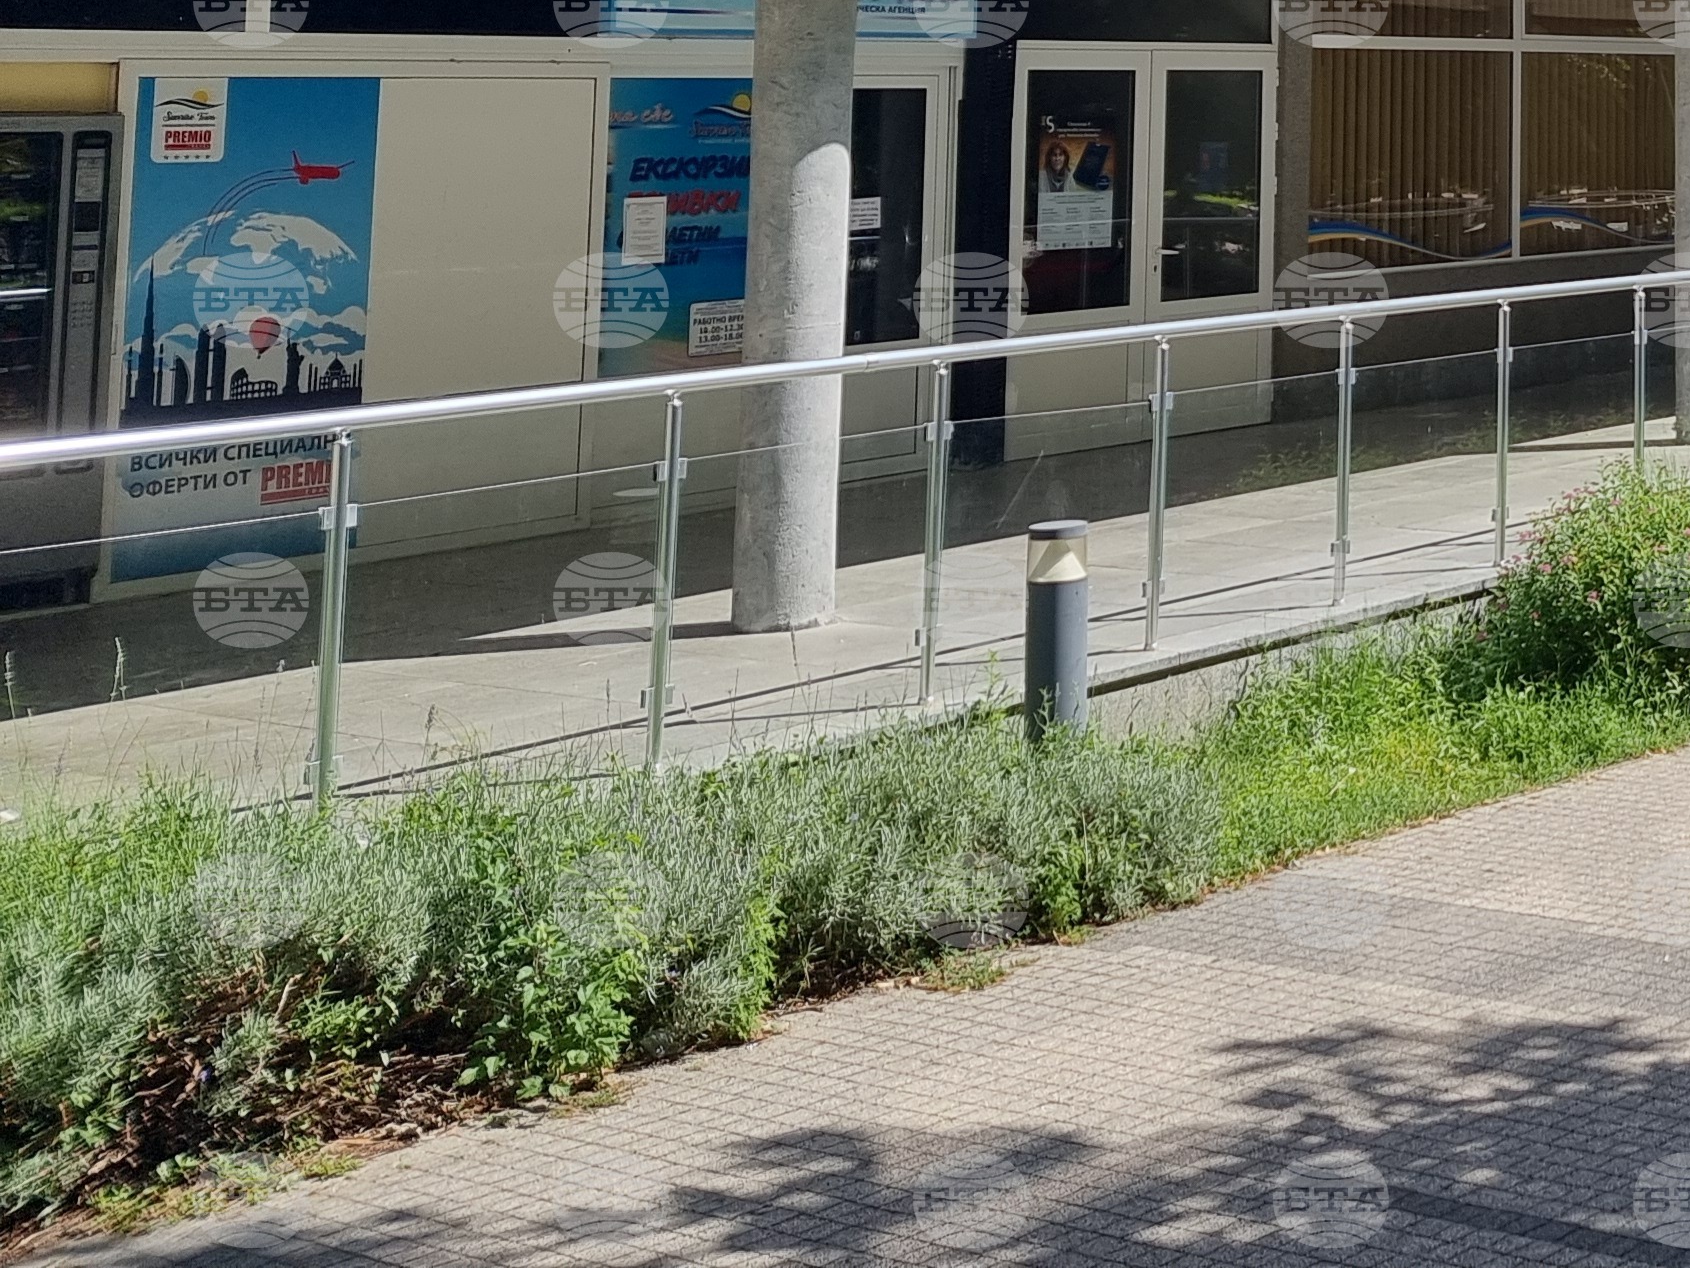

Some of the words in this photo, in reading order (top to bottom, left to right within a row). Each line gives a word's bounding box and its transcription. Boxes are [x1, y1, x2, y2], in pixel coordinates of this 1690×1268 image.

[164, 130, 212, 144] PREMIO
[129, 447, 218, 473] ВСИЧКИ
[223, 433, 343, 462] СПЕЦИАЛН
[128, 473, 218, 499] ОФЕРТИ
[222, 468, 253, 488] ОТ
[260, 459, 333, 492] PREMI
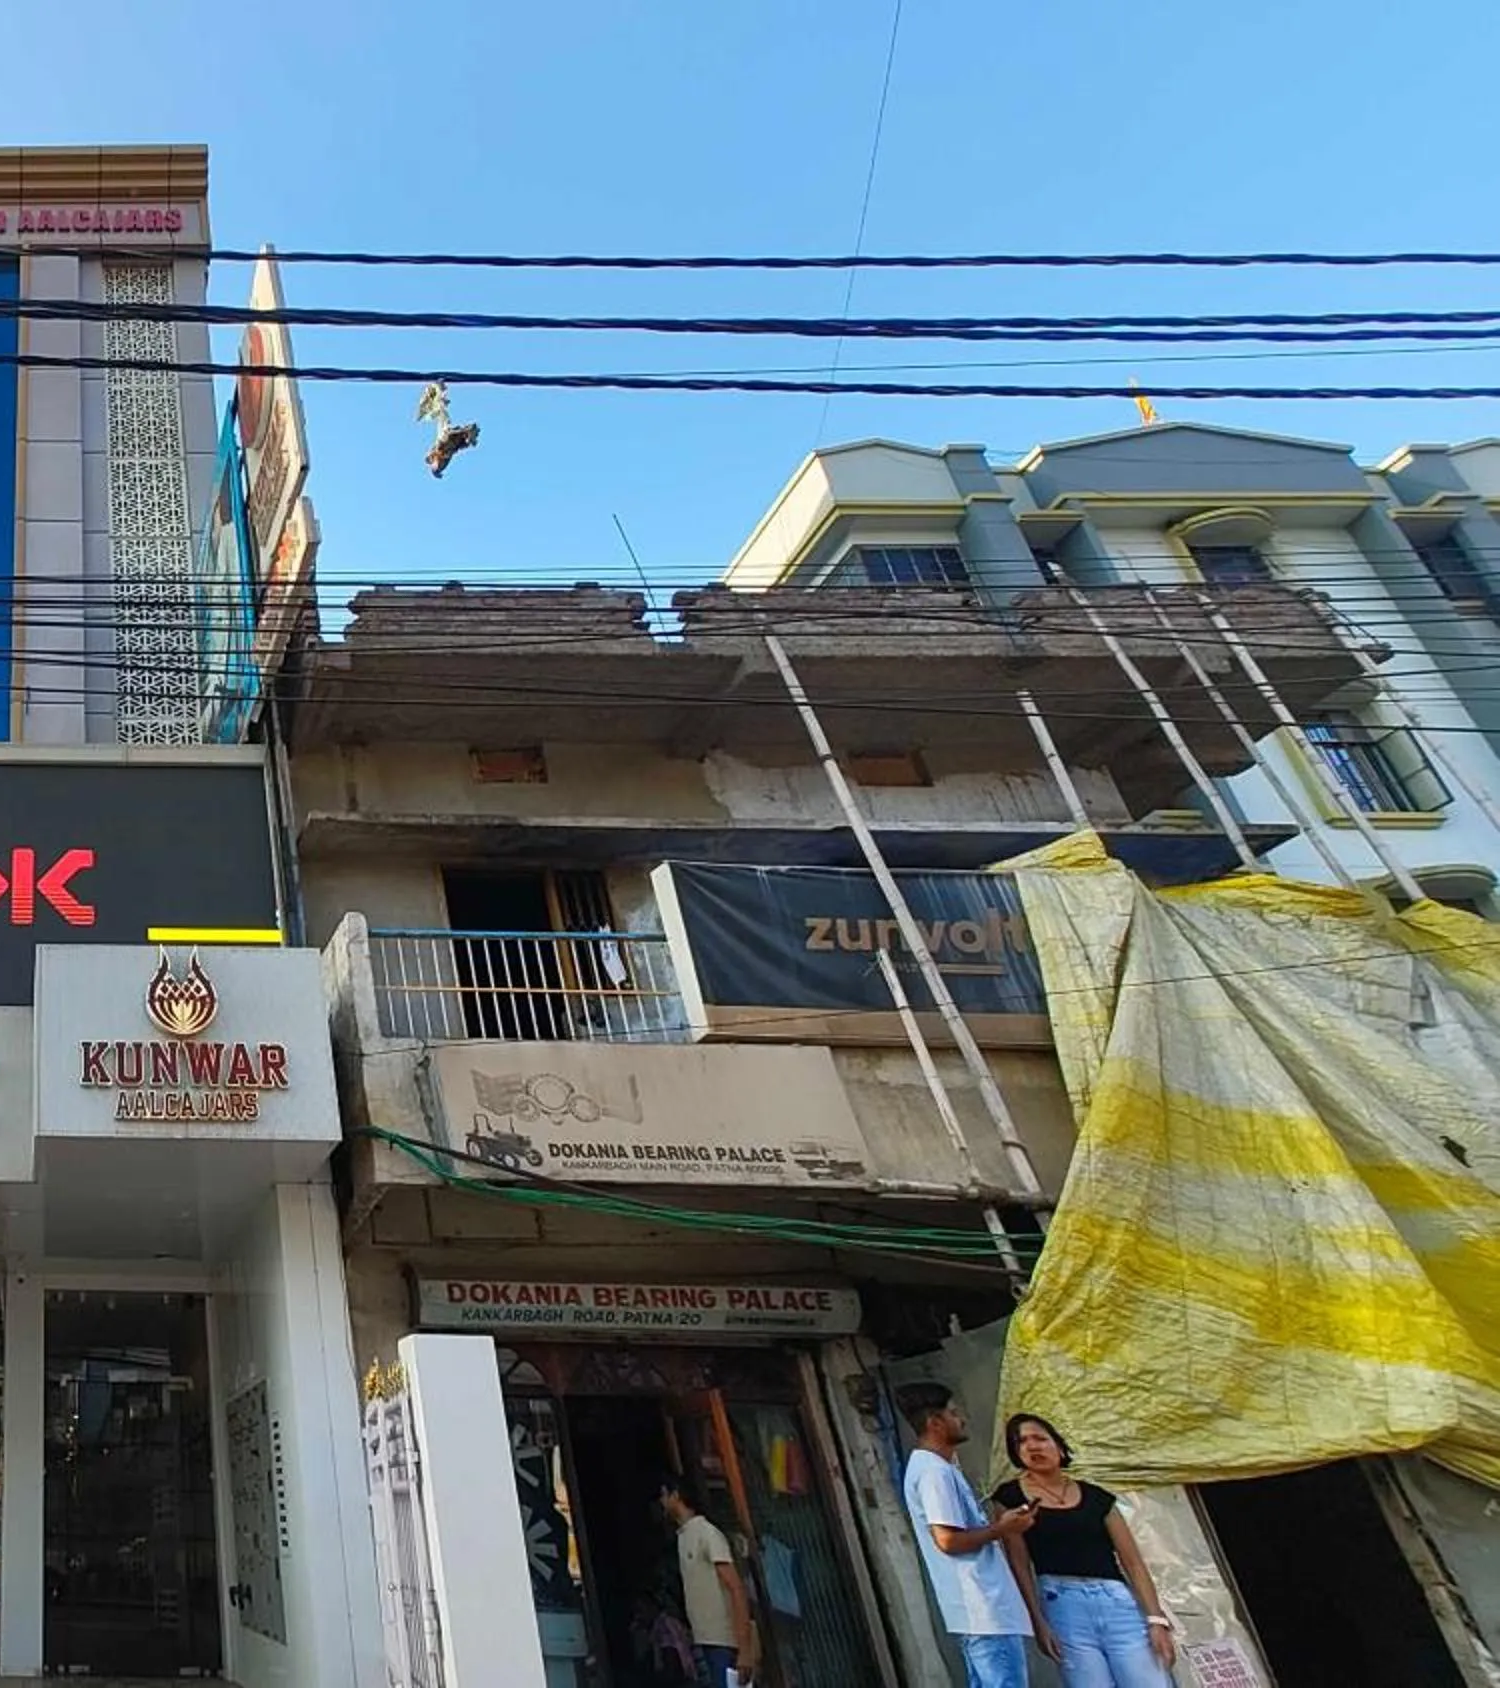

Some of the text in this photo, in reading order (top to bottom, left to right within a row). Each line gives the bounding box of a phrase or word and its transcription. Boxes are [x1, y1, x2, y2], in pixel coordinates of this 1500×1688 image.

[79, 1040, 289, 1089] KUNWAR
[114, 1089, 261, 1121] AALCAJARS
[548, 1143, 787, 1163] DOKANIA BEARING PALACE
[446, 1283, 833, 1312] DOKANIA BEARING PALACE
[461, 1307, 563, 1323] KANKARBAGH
========================================
» Task instructions: Exact repetition of each line above is expected; images are to be omitted.

» Output for this exercise:
Some of the words in this photo, in reading order (top to bottom, left to right within a row). Each line gives a word's bounding box and its transcription. Boxes are [x1, y1, x2, y2], in pixel coordinates of this 1690×1268 image.

[164, 130, 212, 144] PREMIO
[129, 447, 218, 473] ВСИЧКИ
[223, 433, 343, 462] СПЕЦИАЛН
[128, 473, 218, 499] ОФЕРТИ
[222, 468, 253, 488] ОТ
[260, 459, 333, 492] PREMI

Some of the text in this photo, in reading order (top to bottom, left to right within a row). Each line gives the bounding box of a phrase or word and its transcription. Boxes are [x1, y1, x2, y2], in pixel coordinates of this 1500×1688 image.

[79, 1040, 289, 1089] KUNWAR
[114, 1089, 261, 1121] AALCAJARS
[548, 1143, 787, 1163] DOKANIA BEARING PALACE
[446, 1283, 833, 1312] DOKANIA BEARING PALACE
[461, 1307, 563, 1323] KANKARBAGH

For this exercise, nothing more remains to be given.